There is an extreme financial disincentive for Americans to work abroad. If you travel frequently to Dubai (as an example) as I do, it will astonish* you to discover very few Americans working there, but tons of British, Australian, South African, etc. people busily making a living, building a business, etc.

The reason is taxation. Americans working in Dubai (no income tax there) must still pay U.S. income tax and pay a ton to get the tax returns done correctly. A British citizen working in Dubai pays nothing to Inland Revenue and does not file a U.K. income tax return.

Question: who is cheaper to hire, if you are an employer in Dubai?

Hint: that's why all of the international bankers are NOT American.

-------

* Sarcasm.

EDIT: this is one reason why our law firm has a booming business in expatriation -- people giving up U.S. citizenship/green cards.


This effect is biggest in low tax countries because of the credit US citizens end up paying the HIGHER of US and local income taxes (more or less - rules are complex).

Also see relatively few Americans in Hong Kong and Singapore which have low tax rates like Dubai. Unlike almost everyone else in the world there is no benefit for Americans to work in low tax countries because they still end up paying US tax rates. If a company hires an Austrailian and an American in Hong Kong the American ends up with less after tax income. So the draw to these places is much less for US citizens.


There is still a benefit, because you pay only federal income taxes, but not state taxes and you do not pay various other taxes such as medicare surcharge on investment income. So if you are from a high tax state in the U.S. ( California or NY ), it may still make sense.


>there is a financial disincentive to working abroad, and that's not taking into account the fact that this is a disincentive to look for jobs abroad

If you don't want to do something, you can always rationalize it. If really wanted to work in Berlin or elsewhere, you'd do it, and it wouldn't be a big deal.


> If really wanted to work in Berlin or elsewhere, you'd do it, and it wouldn't be a big deal.

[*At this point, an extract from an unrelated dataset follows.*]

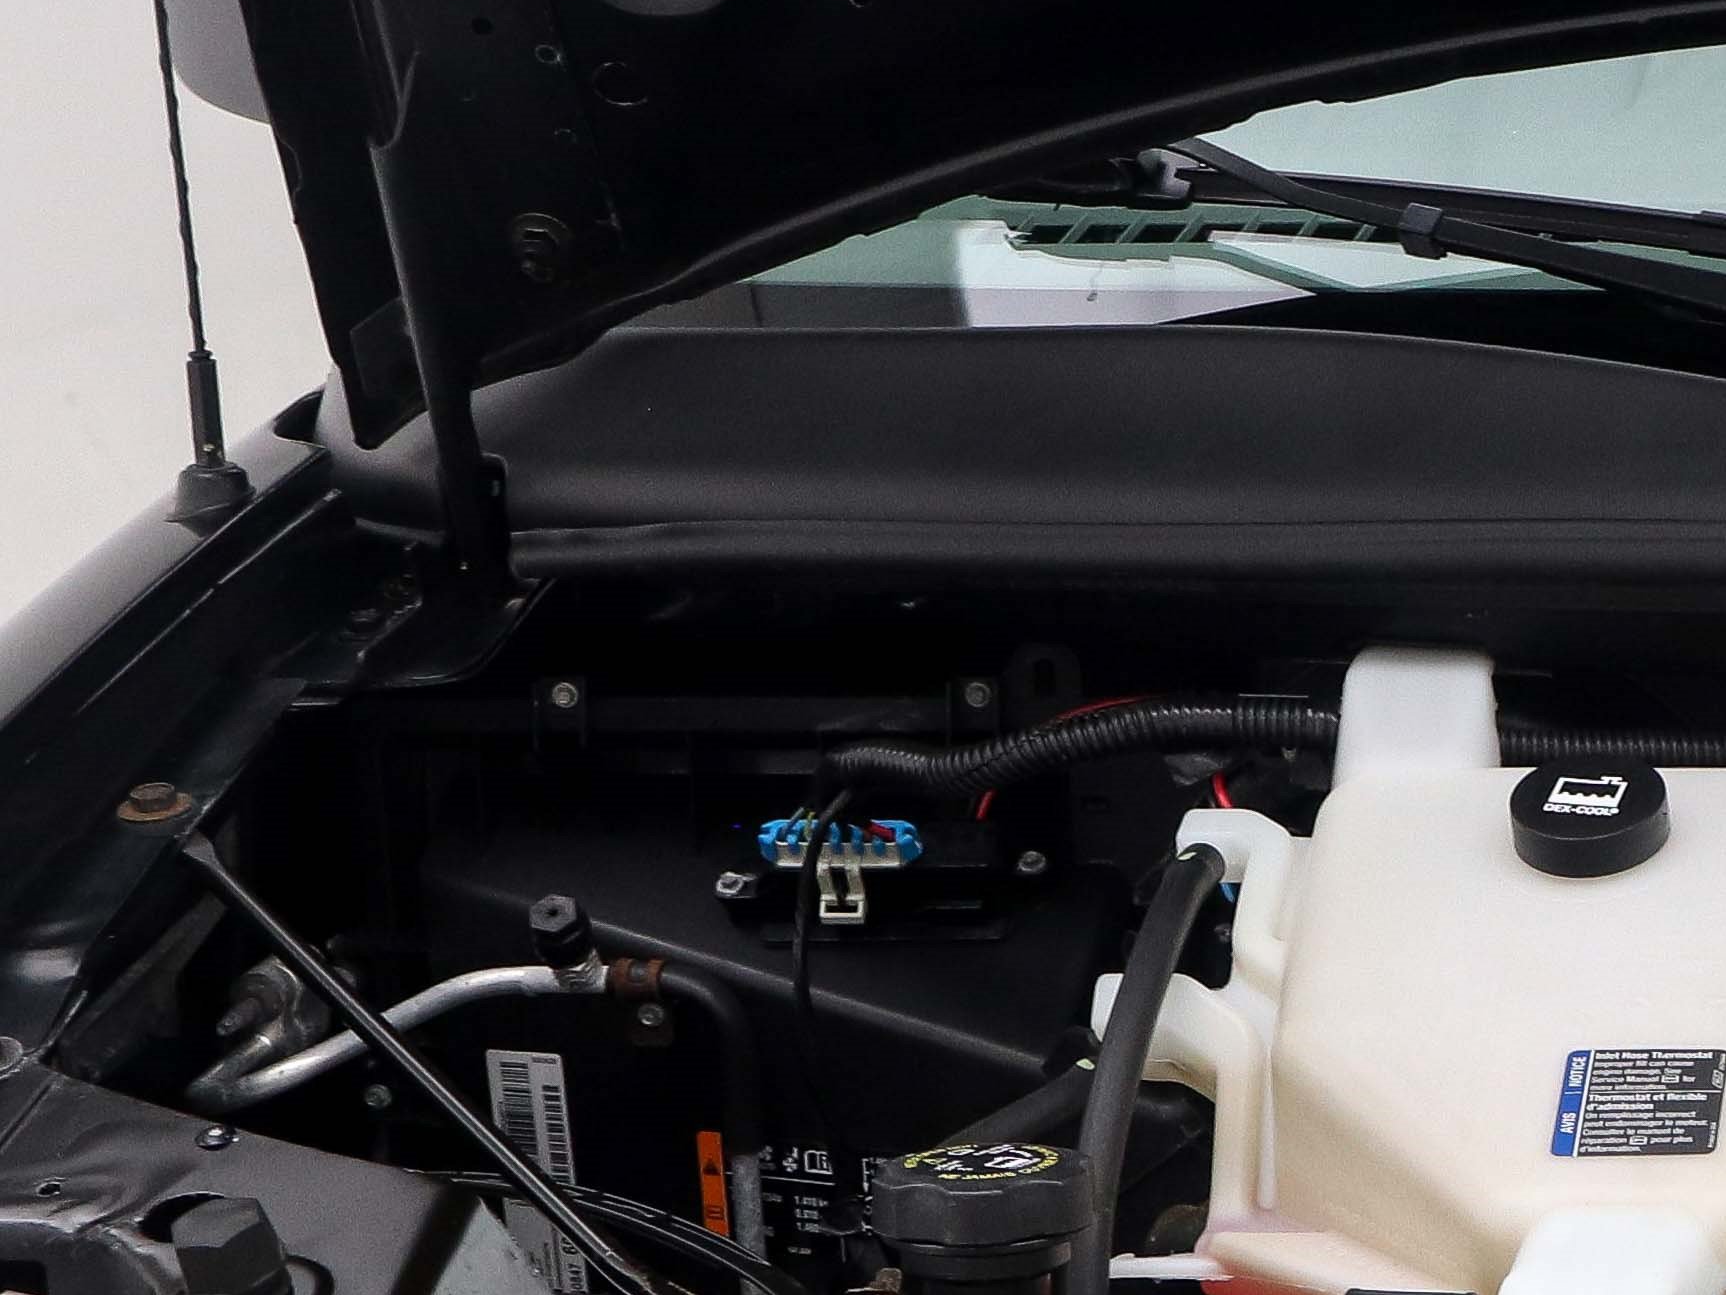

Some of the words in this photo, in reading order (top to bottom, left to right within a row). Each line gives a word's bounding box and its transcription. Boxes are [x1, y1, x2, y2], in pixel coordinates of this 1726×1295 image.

[1568, 1056, 1588, 1088] NOTICE
[1589, 1093, 1652, 1101] Thermostat
[1560, 1112, 1577, 1134] AVIS

This is simply getting at the notion of the premium - how much I value working abroad.

A more formal way of asking this question, assuming for simplicity a $100K/year salary:

"How attractive (measured in dollars) is the idea of working in Berlin?"

If it's worth $30,000/year, you'll do it as long as you can make 70% of your US salary or more. Otherwise, it's not worth it.

It's not a matter of "not wanting to do something" - it's a matter of the opportunity cost. In this case, the opportunity cost of working abroad for US citizens is high (see philiphogden's comments), so the only people who will do it are the people who can rationalize taking a financial hit.

So yes, the answer is "you want it, just not enough". But the following question is, "how much should someone have to want to work abroad in order to do it?"


Berlin is 3 times cheaper in terms of rent & food than San Francisco.


I don't know if it's 3 times, but I could easily bet on a "at least twice".


well, that's true but you only get ~30% to 50% of the salary (amount in EURO) compared to SV and you have to pay around 48% taxes on your income.


You have to pay taxes of 48% for everything above 52k€ salary. If you earn 60k€, you have to "only" approx pay 30% taxes.


Berlin is a relatively cheap place to live. So depending on where you live now you might actually need much less money when living in Berlin.


Most of the US (not NYC, DC, SF) is far cheaper than Europe in general. Even Seattle is cheaper on average.


> Even Seattle is cheaper on average.

Unless you mean "cheaper than Europe in general", I guess these sites could use your input:

http://www.numbeo.com/cost-of-living/compare_cities.jsp?coun...

http://www.expatistan.com/cost-of-living/comparison/seattle/...


Berlin is much cheaper than most of western europe or germany because of the long term economic effects of being part of east germany. A more apt comparison then would be frankfurt vs seattle or detroit vs berlin. Also expatistan just uses the expensive part of town


Don't forget you will be building up an German pension as well.

I considered going for some dutch jobs one of the reasons woudl be I that I have the max no of qualifying years in the UK pension scheme.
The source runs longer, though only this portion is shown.